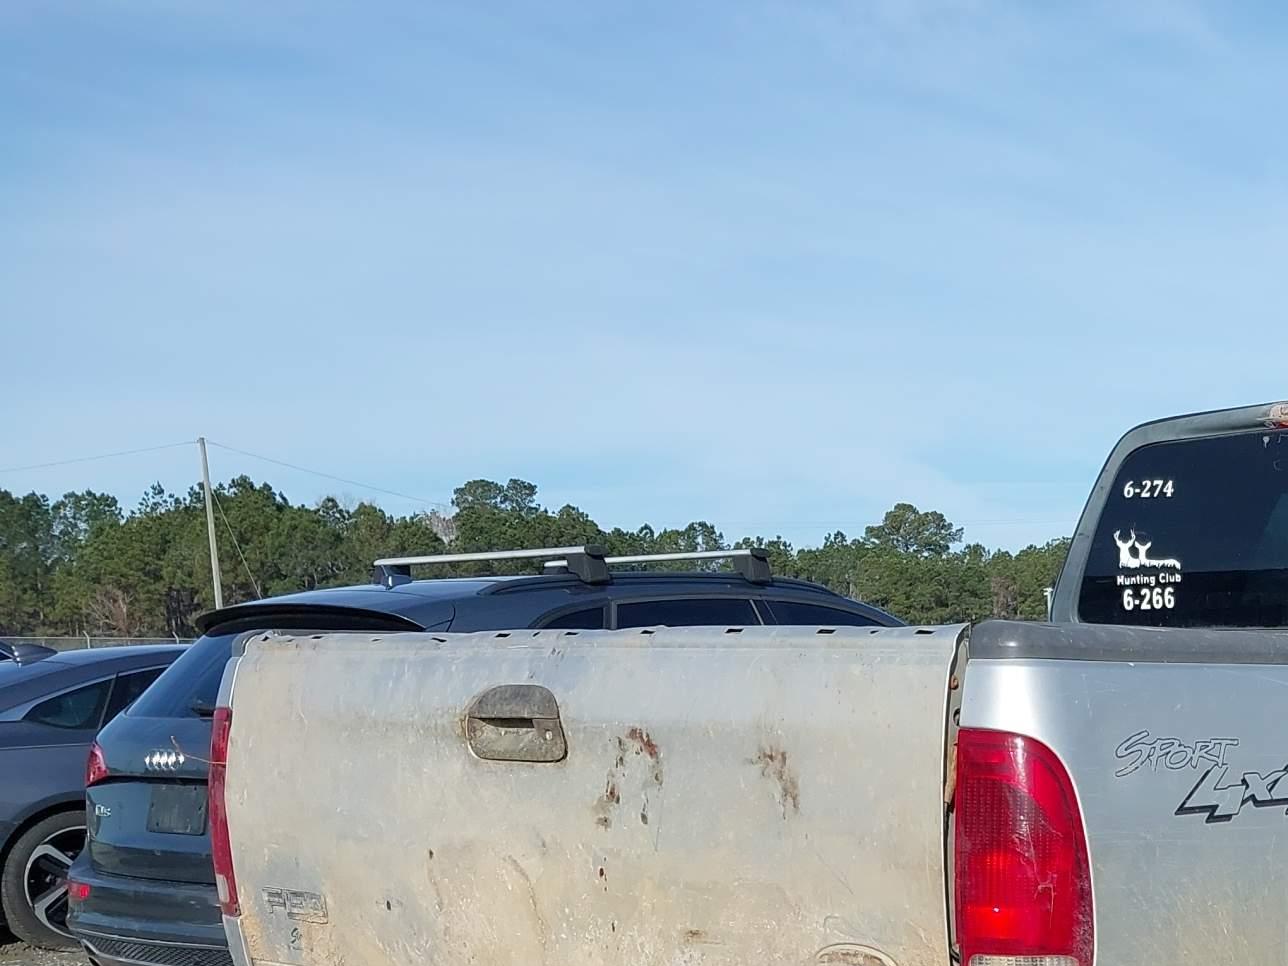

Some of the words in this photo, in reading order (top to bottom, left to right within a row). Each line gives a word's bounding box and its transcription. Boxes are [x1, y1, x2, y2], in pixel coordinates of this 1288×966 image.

[1123, 479, 1174, 498] 6-274
[1116, 574, 1156, 587] Hunting
[1159, 572, 1182, 584] Club
[1123, 587, 1175, 611] 6-266

========================

**Task requirements**
Copy the listing above verbatim; the pictures it contains are to stay out.

**Solution below**
Some of the words in this photo, in reading order (top to bottom, left to right within a row). Each line gives a word's bounding box and its transcription. Boxes are [x1, y1, x2, y2], in pixel coordinates of this 1288×966 image.

[1123, 479, 1174, 498] 6-274
[1116, 574, 1156, 587] Hunting
[1159, 572, 1182, 584] Club
[1123, 587, 1175, 611] 6-266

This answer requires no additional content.